Sur la capitalisation des intérêts
La capitalisation des intérêts, dit encore anatocisme, est prohibée concernant les crédits à la consommation, matière dans laquelle les sommes qui peuvent être réclamées sont strictement et limitativement énumérées. En effet, l’article L.312-38 du code de la consommation rappelle qu’aucune indemnité ni aucuns frais autres que ceux mentionnés aux articles L.312-39 et L.312-40 ne peuvent être mis à la charge de l’emprunteur dans les cas de défaillance prévus par ces articles.
La demande de capitalisation sera par conséquent rejetée, et les condamnations ne pourront porter que sur les seules sommes précédemment fixées.
Sur les demandes accessoires
Le défendeur, qui succombe, supportera les dépens, en application de l’article 696 du code de procédure civile.
Il serait inéquitable de laisser à la charge de la société BNP PARIBAS les frais exposés par elle dans la présente instance et non compris dans les dépens. La somme de 500 euros lui sera donc allouée au titre de l’article 700 du code de procédure civile.

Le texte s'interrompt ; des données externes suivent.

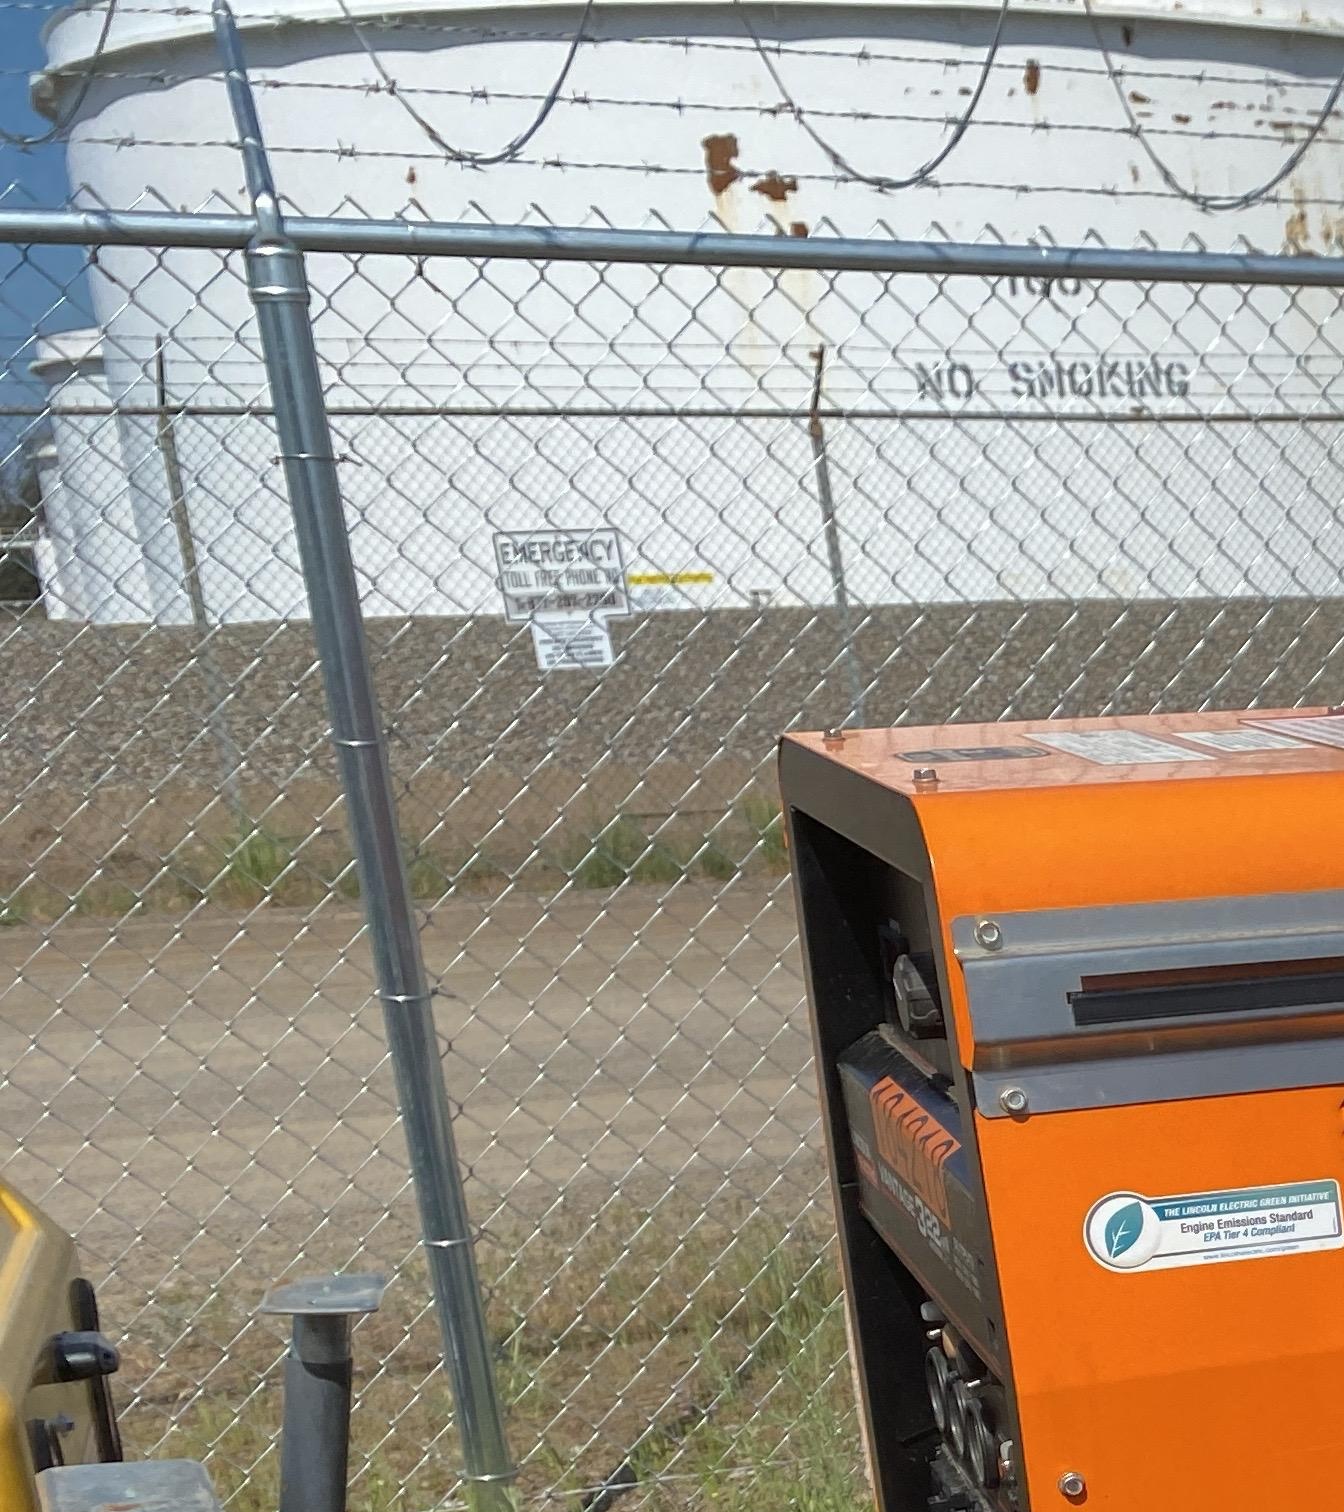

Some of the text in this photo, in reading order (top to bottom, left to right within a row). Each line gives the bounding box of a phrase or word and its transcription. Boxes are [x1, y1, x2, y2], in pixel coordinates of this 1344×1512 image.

[916, 360, 1188, 398] NO SMOKING
[500, 539, 615, 564] EMERGENCY
[1164, 1191, 1330, 1218] THE LINCOLN ELECTRIC GREEN INITIATIVE
[1180, 1209, 1314, 1235] Engine Emissions Standard
[1203, 1223, 1295, 1242] EPA Tier 4 Compliant
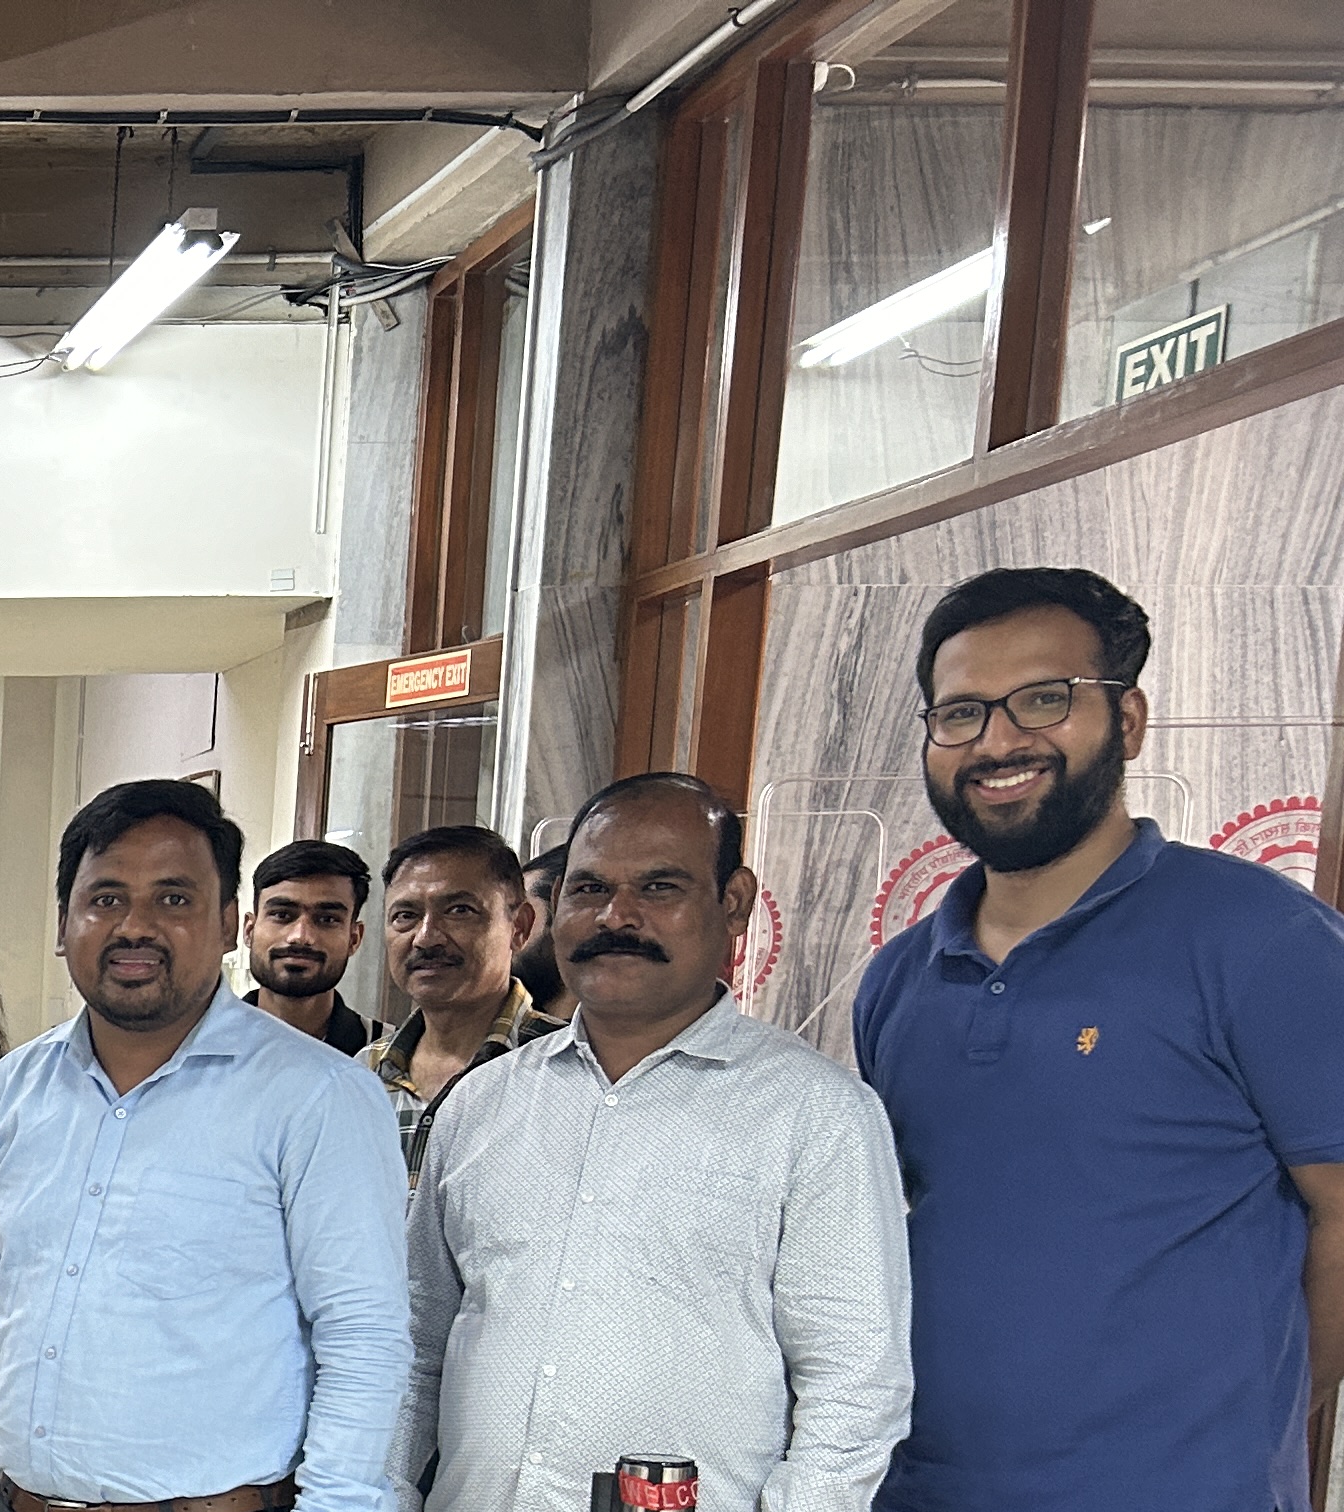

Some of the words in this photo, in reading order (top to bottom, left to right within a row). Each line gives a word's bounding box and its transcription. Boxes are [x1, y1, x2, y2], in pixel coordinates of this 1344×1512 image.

[1122, 321, 1216, 400] EXIT
[391, 666, 444, 696] EMERGENCY
[445, 661, 467, 686] EXIT
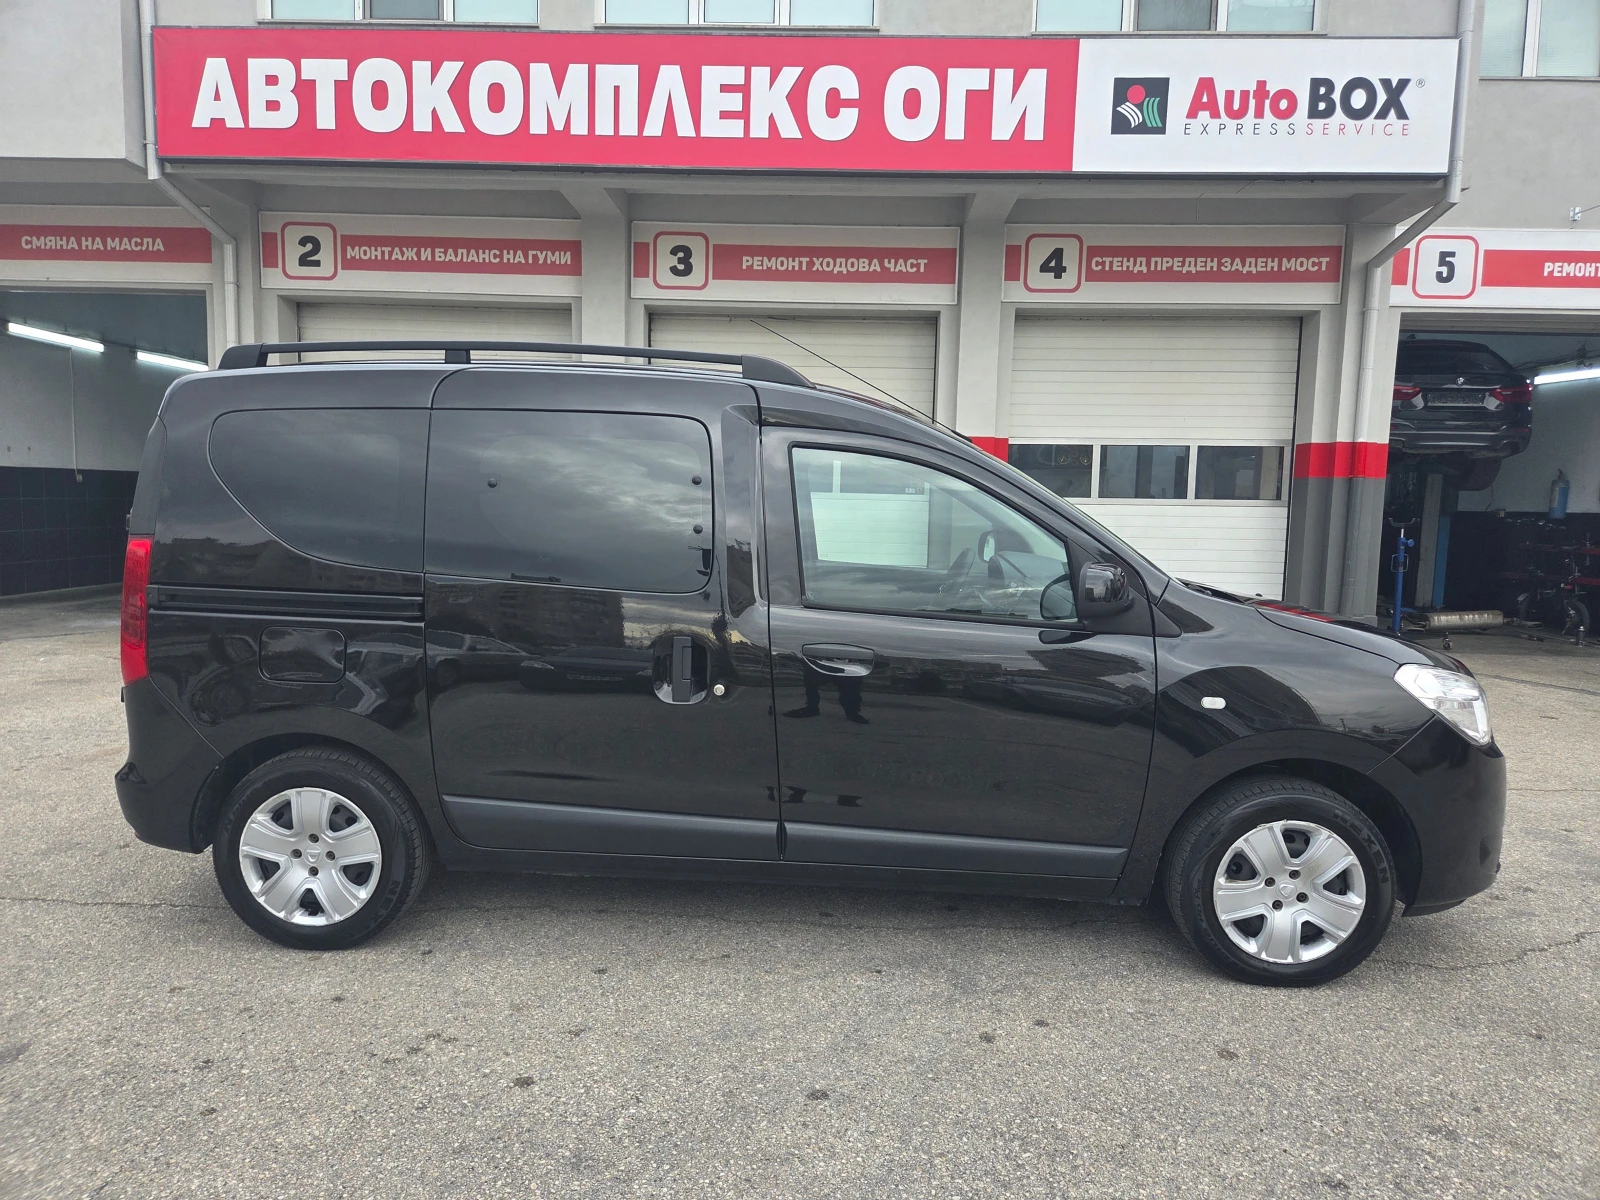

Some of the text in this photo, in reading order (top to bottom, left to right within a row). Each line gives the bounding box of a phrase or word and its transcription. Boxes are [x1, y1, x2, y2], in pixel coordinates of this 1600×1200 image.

[191, 57, 1048, 142] АВТОКОМПЛЕКС ОГИ
[1185, 76, 1299, 121] Auto
[1307, 76, 1412, 121] BOX
[1183, 122, 1410, 137] EXPRESS SERVICE
[21, 235, 165, 252] СМЯНА НА МАСЛА
[297, 235, 322, 268] 2
[346, 245, 572, 265] МОНТАЖ И БАЛАНС НА ГУМИ
[669, 244, 694, 277] 3
[742, 256, 928, 274] РЕМОНТ ХОДОВА ЧАСТ
[1039, 247, 1067, 280] 4
[1091, 257, 1330, 273] СТЕНД ПРЕДЕН ЗАДЕН МОСТ
[1435, 250, 1456, 285] 5
[1333, 809, 1390, 884] NEXEN
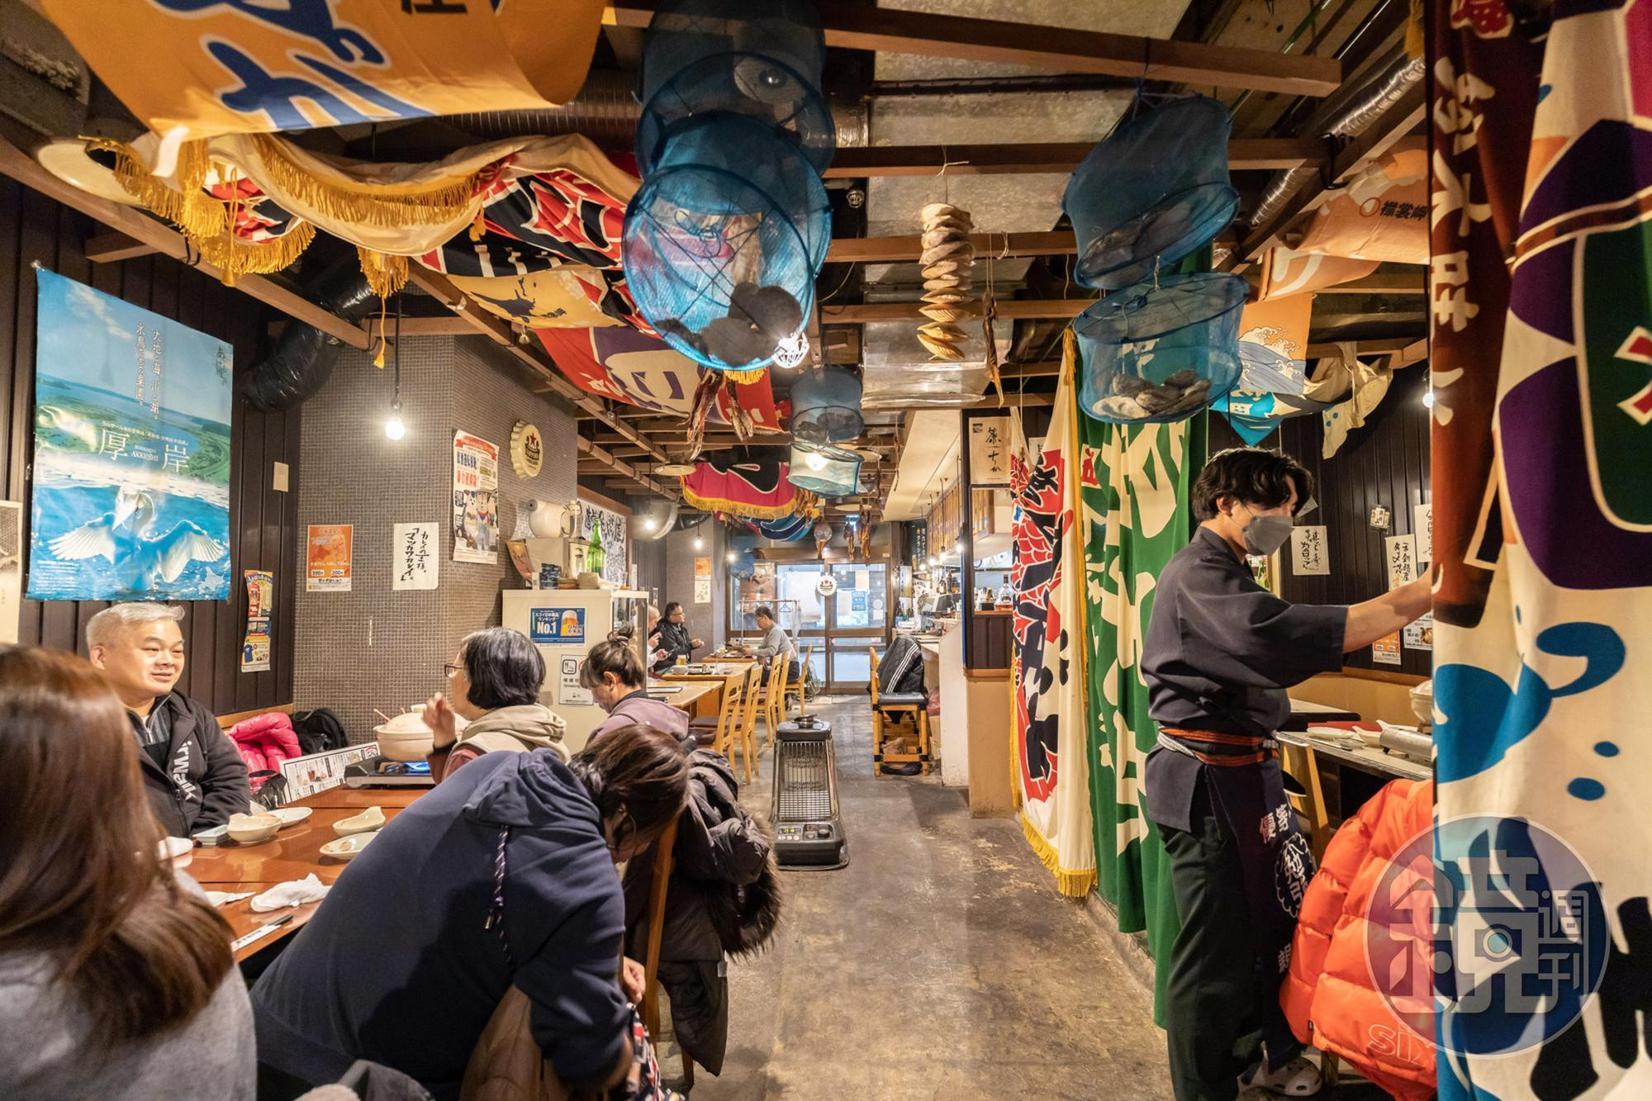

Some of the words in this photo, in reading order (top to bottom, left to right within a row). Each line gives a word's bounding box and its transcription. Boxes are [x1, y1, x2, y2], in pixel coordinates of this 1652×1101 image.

[99, 429, 130, 460] 厚
[162, 444, 190, 472] 岸
[537, 621, 557, 635] No.1

La présente décision est exécutoire à titre provisoire, conformément à l’article 514 du code de procédure civile.
PAR CES MOTIFS
Le juge des contentieux de la protection, statuant publiquement, après débats en audience publique, par jugement mis à disposition au greffe réputé contradictoire et en premier ressort,
PRONONCE la déchéance du droit aux intérêts contractuels de la société BNP PARIBAS au titre du compte bancaire souscrit par Monsieur [V] [L] le 31 août 2021, à compter de cette date ;
CONDAMNE en conséquence Monsieur [V] [L] à verser à la société BNP PARIBAS la somme de 17852,71 euros au titre du capital restant dû avec intérêts au taux légal à compter du 18 février 2025 ;
CONDAMNE Monsieur [V] [L] à verser à la société BNP PARIBAS la somme de 500 euros au titre de l’article 700 du code de procédure civile ;
CONDAMNE Monsieur [V] [L] aux dépens ;
REJETTE le surplus des demandes ;
RAPPELLE que le présent jugement est exécutoire de plein droit à titre provisoire.